Leaving the images aside, print every record in the material exactly.

═══ Excerpted data ═══

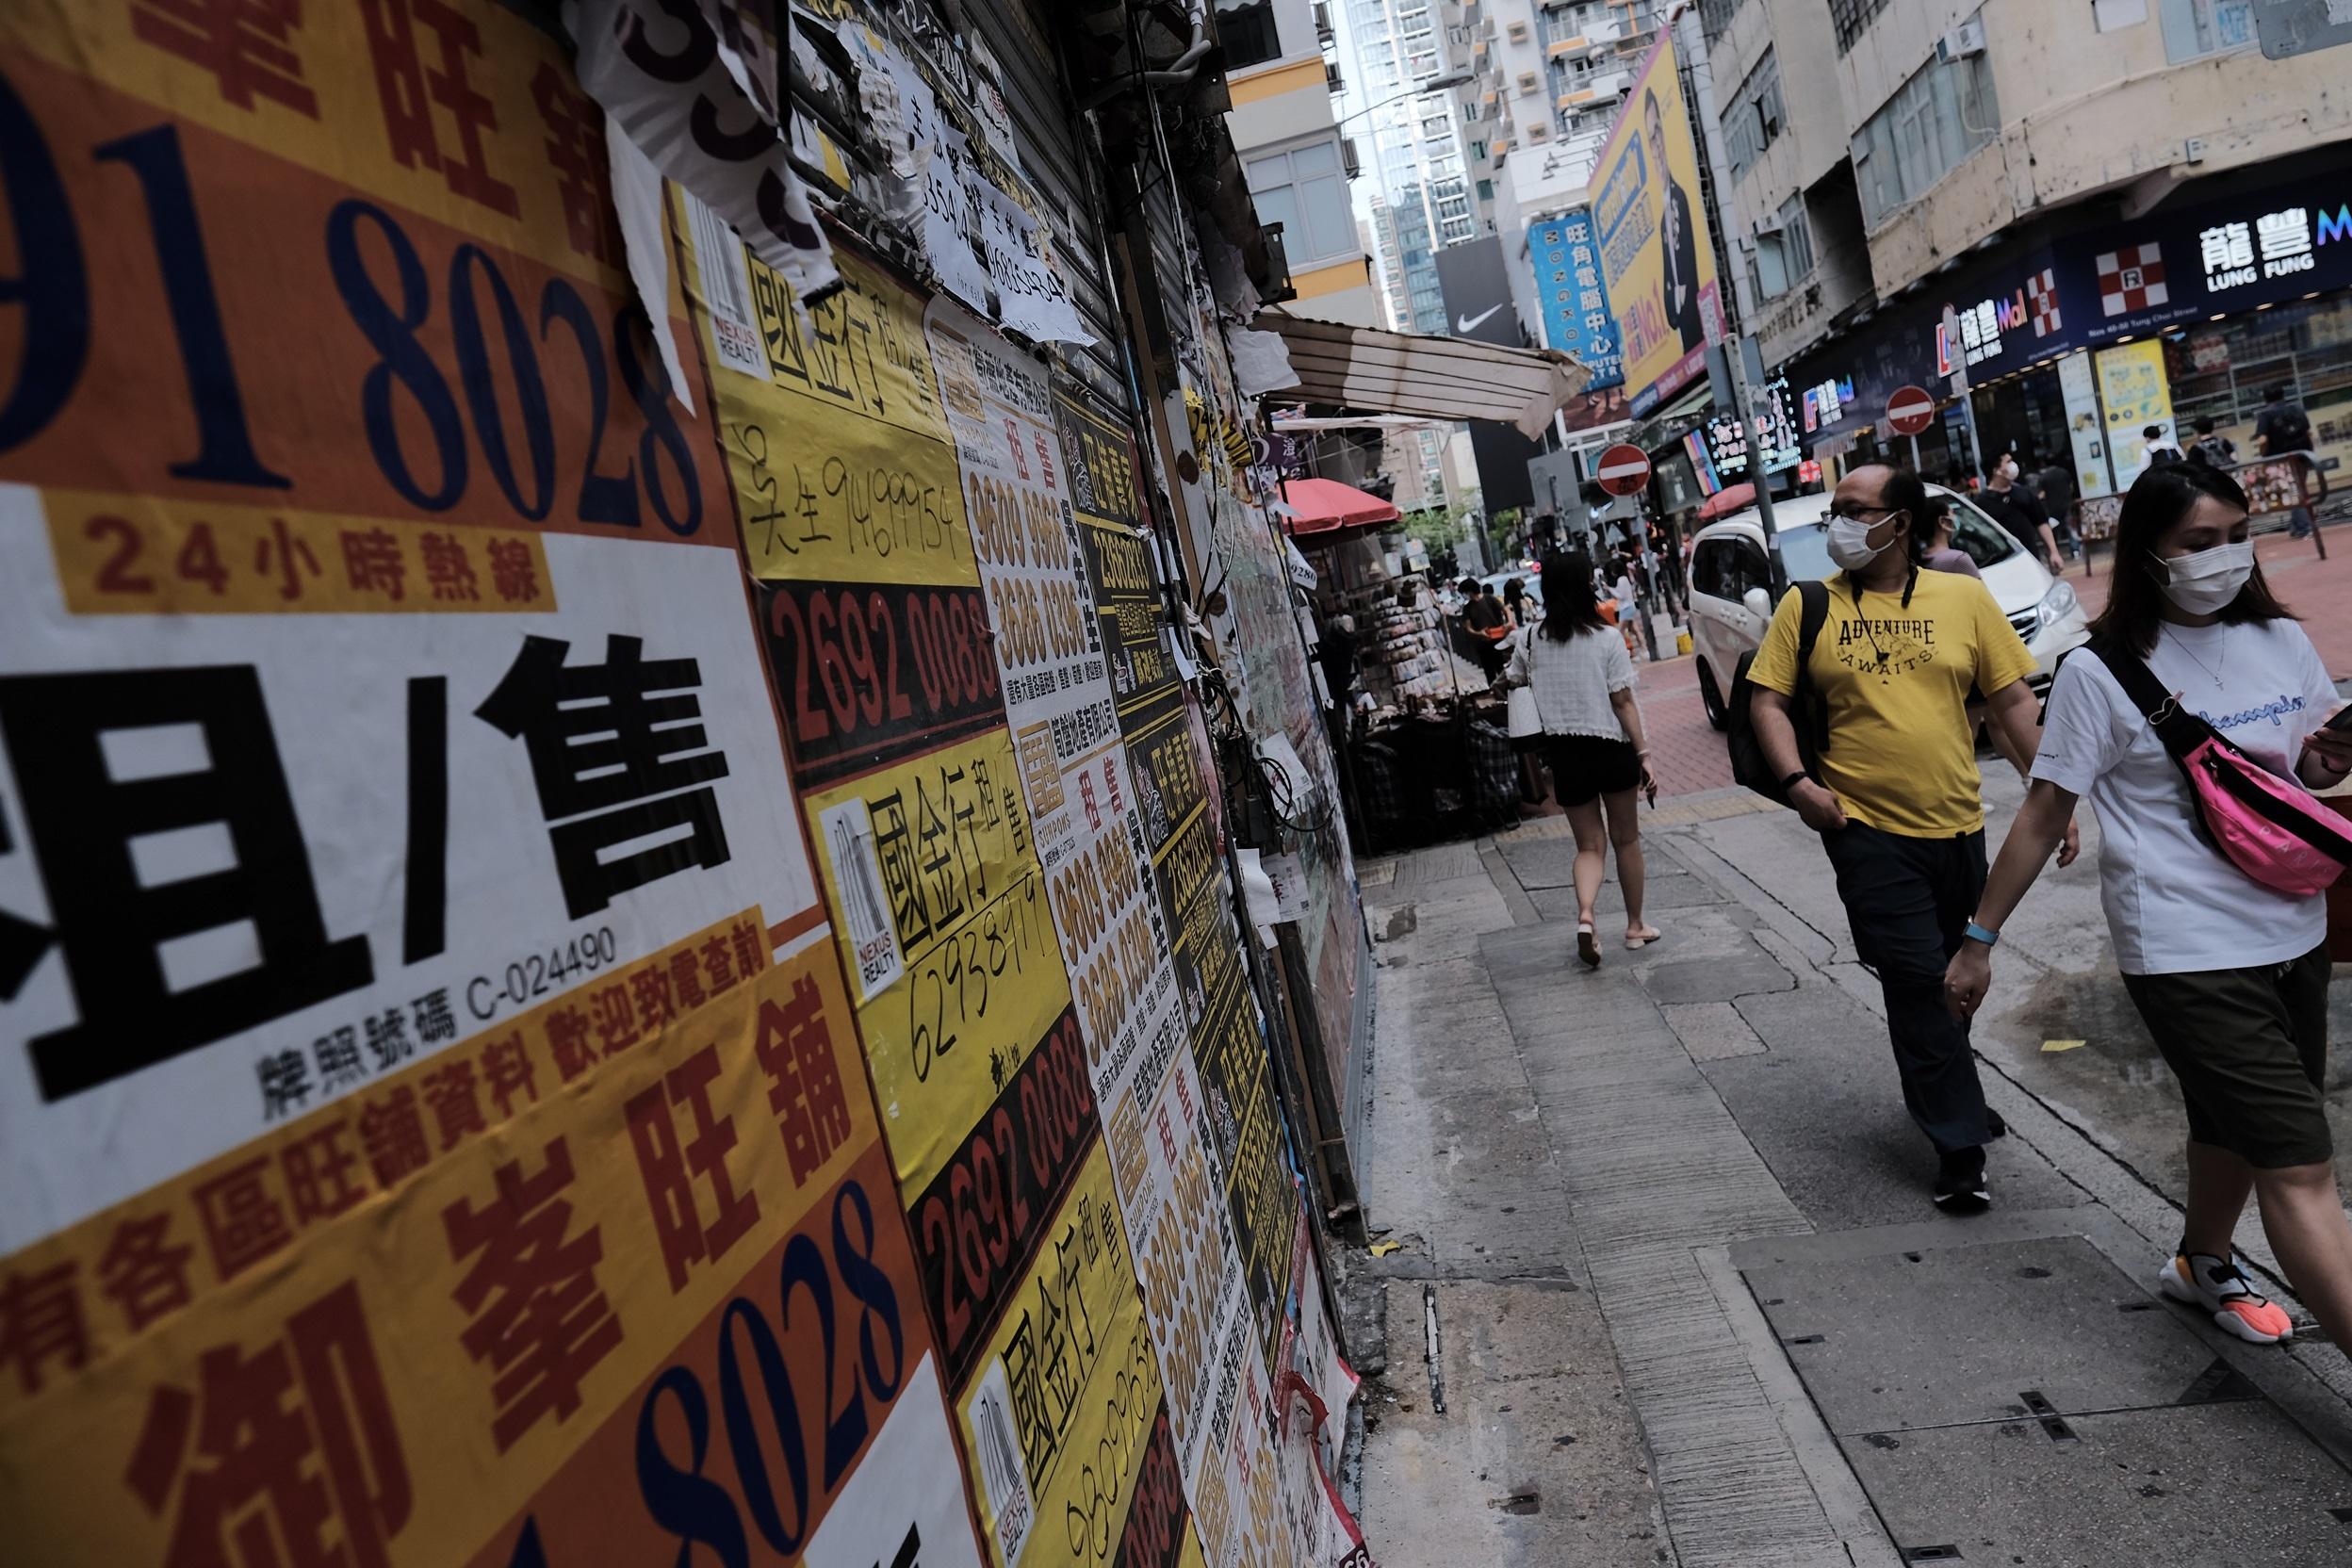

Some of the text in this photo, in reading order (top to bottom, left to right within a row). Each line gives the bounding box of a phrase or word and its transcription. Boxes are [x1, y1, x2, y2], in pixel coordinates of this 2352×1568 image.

[1565, 221, 1613, 355] 旺角電腦中心
[1996, 286, 2029, 334] Mall
[2206, 253, 2316, 293] LUNG FUNG
[325, 197, 704, 539] 8028
[714, 316, 757, 348] NEXUS
[718, 336, 761, 368] REALTY
[1002, 417, 1031, 482] 租
[1034, 431, 1057, 492] 售
[82, 514, 541, 602] 24小時熱線
[969, 470, 1069, 571] 9609 9966
[1091, 529, 1151, 590] 23662833
[770, 589, 999, 742] 2692 0088
[990, 576, 1047, 670] 3686
[1040, 579, 1086, 660] 0396
[1838, 619, 1936, 645] ADVENTURE
[1840, 649, 1933, 676] AWAITS
[1077, 767, 1102, 834] 租
[1102, 756, 1124, 817] 售
[1052, 849, 1106, 968] 9609
[1095, 819, 1139, 920] 9966
[1166, 817, 1213, 918] 23662833
[858, 930, 892, 965] NEXUS
[863, 951, 896, 987] REALTY
[255, 924, 617, 1123] 牌照號碼 C-024490
[545, 918, 768, 1085] 歡迎致電查詢
[1078, 940, 1126, 1068] 3686
[1156, 1067, 1195, 1170] 租 售
[921, 1014, 1092, 1355] 2692 0088
[1142, 1198, 1186, 1347] 9609
[634, 1178, 905, 1568] 8028
[1166, 1282, 1203, 1443] 3686
[1000, 1482, 1027, 1542] NEXUS
[1004, 1506, 1029, 1561] REALTY

═══

### Exercise output
Some of the text in this photo, in reading order (top to bottom, left to right within a row). Each line gives the bounding box of a phrase or word and its transcription. Boxes are [x1, y1, x2, y2], in pixel coordinates of this 2352×1568 image.

[1565, 221, 1613, 355] 旺角電腦中心
[1996, 286, 2029, 334] Mall
[2206, 253, 2316, 293] LUNG FUNG
[325, 197, 704, 539] 8028
[714, 316, 757, 348] NEXUS
[718, 336, 761, 368] REALTY
[1002, 417, 1031, 482] 租
[1034, 431, 1057, 492] 售
[82, 514, 541, 602] 24小時熱線
[969, 470, 1069, 571] 9609 9966
[1091, 529, 1151, 590] 23662833
[770, 589, 999, 742] 2692 0088
[990, 576, 1047, 670] 3686
[1040, 579, 1086, 660] 0396
[1838, 619, 1936, 645] ADVENTURE
[1840, 649, 1933, 676] AWAITS
[1077, 767, 1102, 834] 租
[1102, 756, 1124, 817] 售
[1052, 849, 1106, 968] 9609
[1095, 819, 1139, 920] 9966
[1166, 817, 1213, 918] 23662833
[858, 930, 892, 965] NEXUS
[863, 951, 896, 987] REALTY
[255, 924, 617, 1123] 牌照號碼 C-024490
[545, 918, 768, 1085] 歡迎致電查詢
[1078, 940, 1126, 1068] 3686
[1156, 1067, 1195, 1170] 租 售
[921, 1014, 1092, 1355] 2692 0088
[1142, 1198, 1186, 1347] 9609
[634, 1178, 905, 1568] 8028
[1166, 1282, 1203, 1443] 3686
[1000, 1482, 1027, 1542] NEXUS
[1004, 1506, 1029, 1561] REALTY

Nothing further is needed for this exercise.